Upon returning I found that the business environment had changed. June’s sales had been disappointing, resulting in a lukewarm quarter 1. Achieving the ambitious annual growth target now seemed challenging and it was determined that we’d look at potential areas of spend to cut. Being the holder of a revenue budget of almost £1billion, the bulk of the UK spend, I put my team to work on producing the plethora of analysis and reports such an initiative requires.

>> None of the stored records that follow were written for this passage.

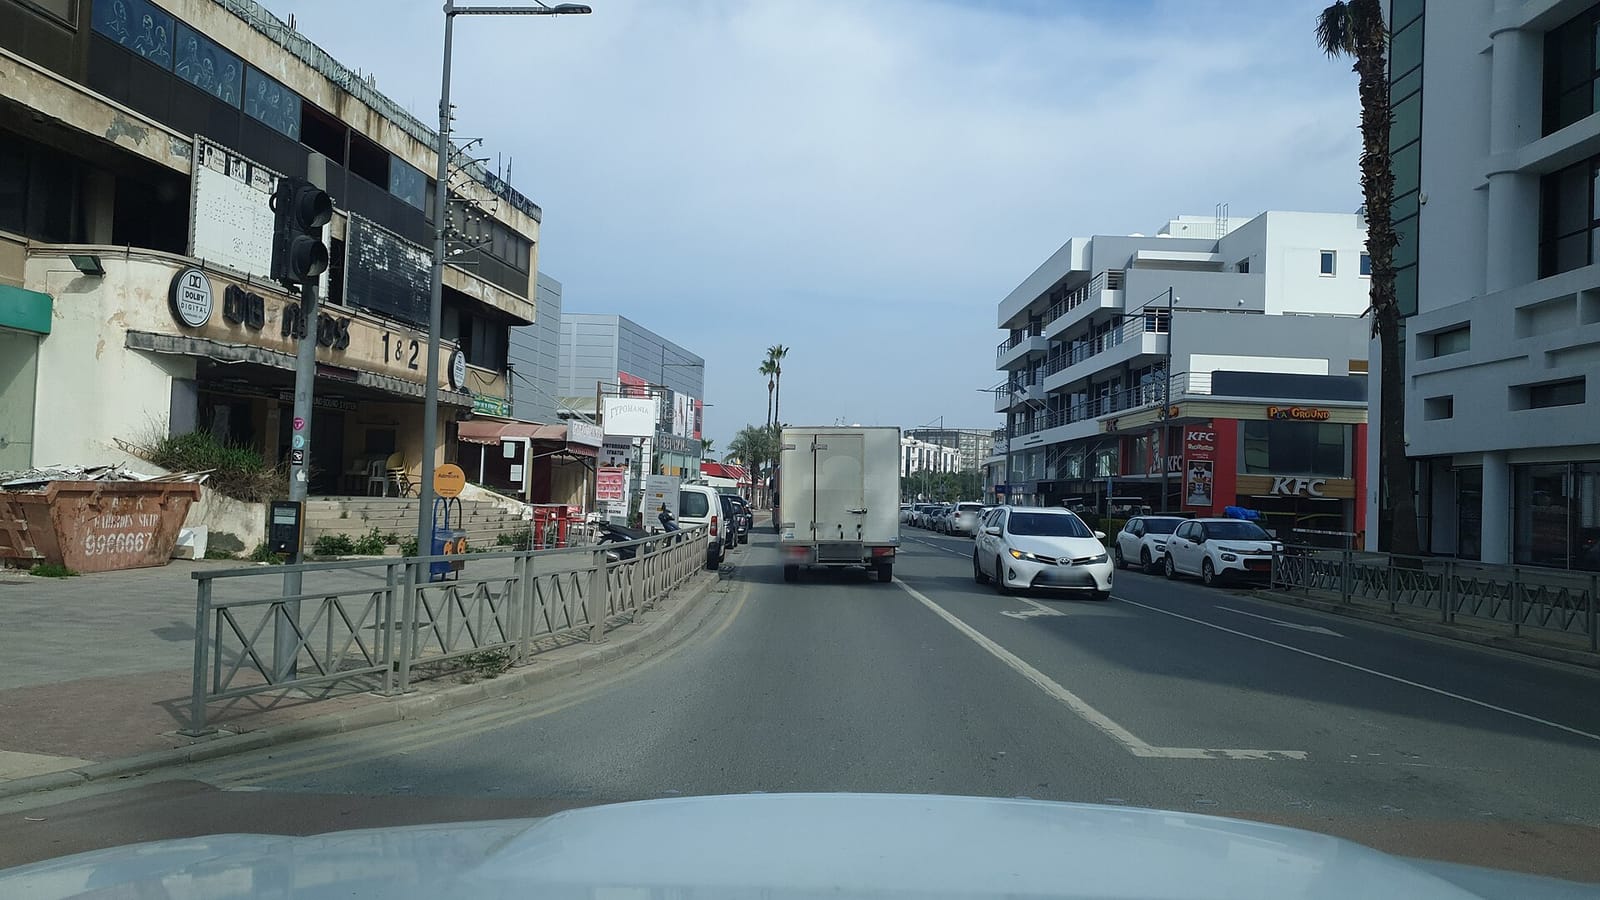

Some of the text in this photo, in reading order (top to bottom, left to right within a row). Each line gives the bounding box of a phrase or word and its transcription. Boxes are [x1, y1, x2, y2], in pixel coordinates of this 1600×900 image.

[185, 290, 205, 302] DOLBY
[180, 302, 207, 314] DIGITAL
[382, 331, 390, 364] 1
[394, 339, 402, 361] &
[408, 340, 420, 370] 2
[1187, 431, 1215, 442] KFC
[1167, 454, 1183, 472] KFC
[1270, 477, 1327, 497] KFC

When I want to be I can be a real Excel geek and I thrive on simplifying complexity. Data visualisation is a real strength and I love writing reports. So why did I find myself floundering, flushed-faced and apologetic at the management meeting a few weeks later? Because I allowed “in control and highly responsible Vicky” to lead. This Vicky (let’s call her Victoria Jane) needs to have all the answers, and be seen to know everything – to be on top of things. I went from water-walker to drowning in just a couple of hours. I never recovered, and a few months later, the restructuring of the function resulted in my exit.

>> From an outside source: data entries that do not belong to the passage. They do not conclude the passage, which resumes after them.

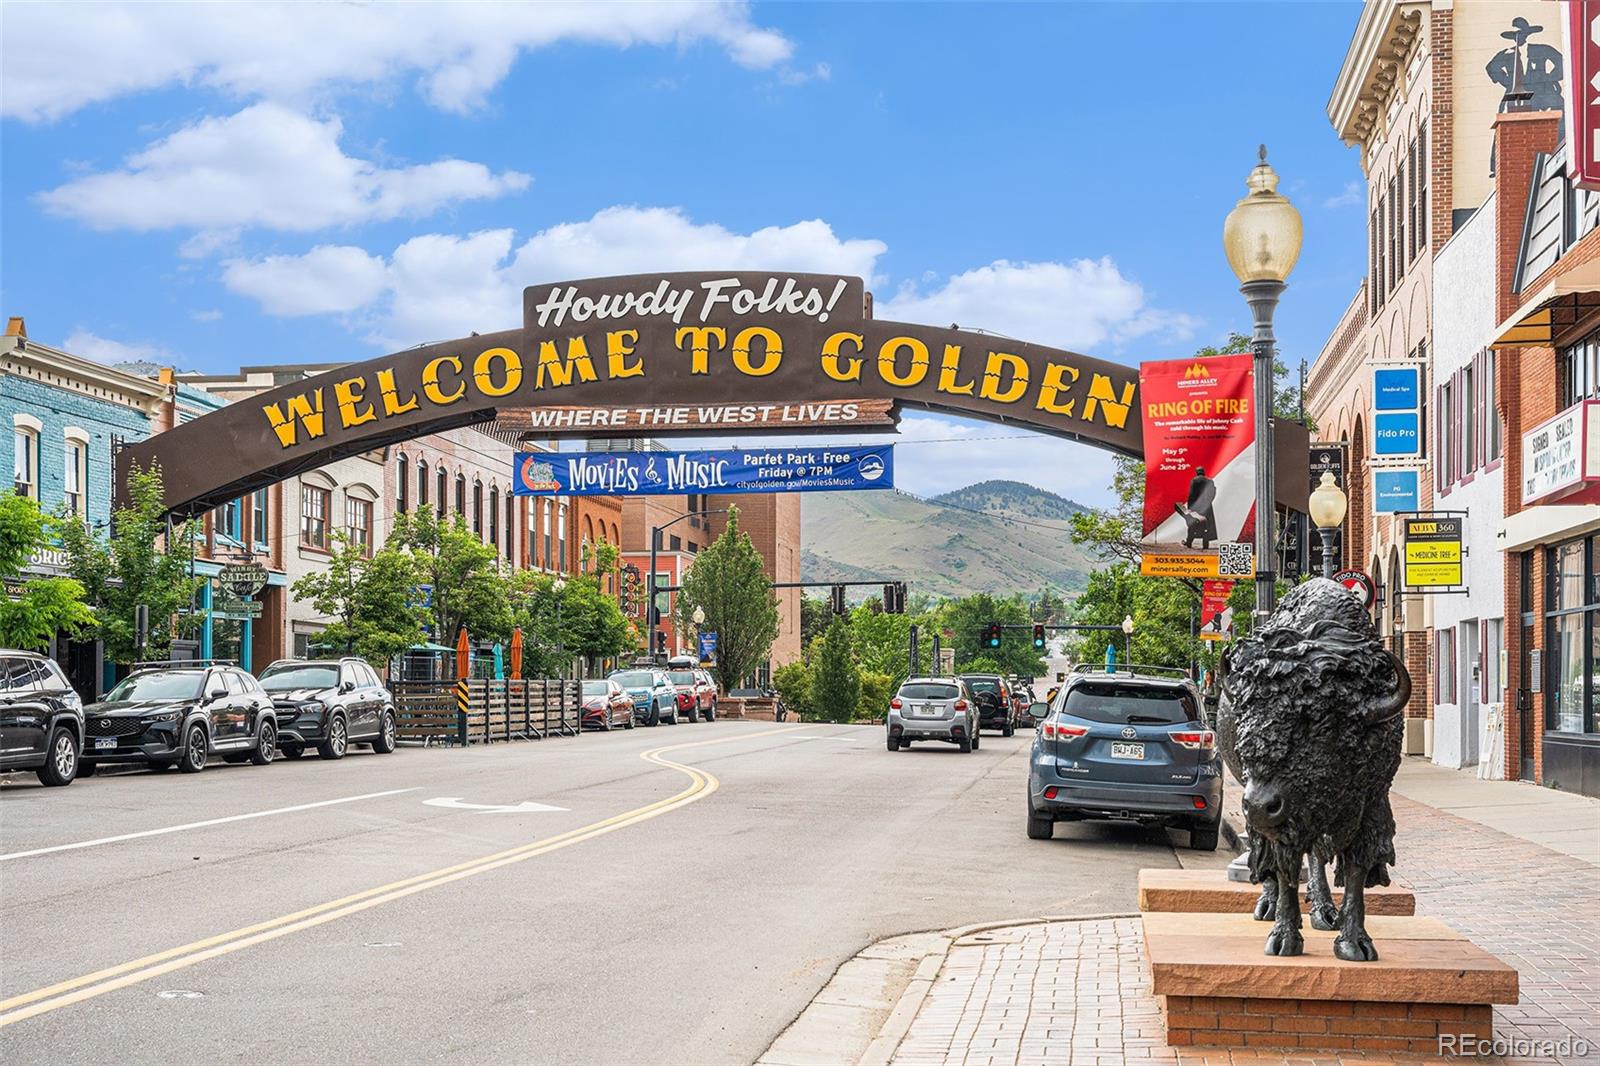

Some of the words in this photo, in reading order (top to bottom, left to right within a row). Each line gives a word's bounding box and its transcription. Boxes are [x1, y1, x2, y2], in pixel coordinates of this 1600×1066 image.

[536, 280, 694, 328] Howdy
[700, 277, 847, 323] Folks!
[262, 328, 645, 448] WELCOME
[675, 326, 784, 376] TO
[821, 331, 1137, 429] GOLDEN
[1147, 400, 1188, 418] RING
[1190, 399, 1213, 415] OF
[1215, 398, 1249, 414] FIRE
[530, 409, 628, 427] WHERE
[636, 408, 690, 425] THE
[698, 406, 776, 423] WEST
[782, 403, 859, 421] LIVES
[1377, 429, 1398, 438] Fido
[1400, 429, 1416, 437] Pro
[1162, 448, 1178, 456] May
[743, 453, 783, 466] Parfet
[787, 453, 815, 465] Park
[823, 452, 850, 463] Free
[758, 467, 793, 479] Friday
[796, 467, 807, 477] @
[810, 466, 833, 476] 7PM
[1438, 523, 1455, 532] 360
[1415, 551, 1439, 559] MEDICINE
[1150, 566, 1209, 574] minersalley.com
[1336, 571, 1352, 582] FIDO
[1351, 571, 1366, 581] PRO

So what was going on? Being overly-identified with my status as the expert and leader I unravelled the minute I didn’t have the data to hand. Being just a few months into the company, members of my team were far better placed than I to lead the budget-cut discussions, but I didn’t take them along to the meeting. Being overly-focused on being seen as having senior executive potential I was anxious to impress. Being one who routinely feels overly-responsible I immediately apologised and exposed my vulnerabilities. In that culture, it was career suicide. Ultimately, I was afraid: not good enough / not worthy / not up to the job: fear dragged me under the waves.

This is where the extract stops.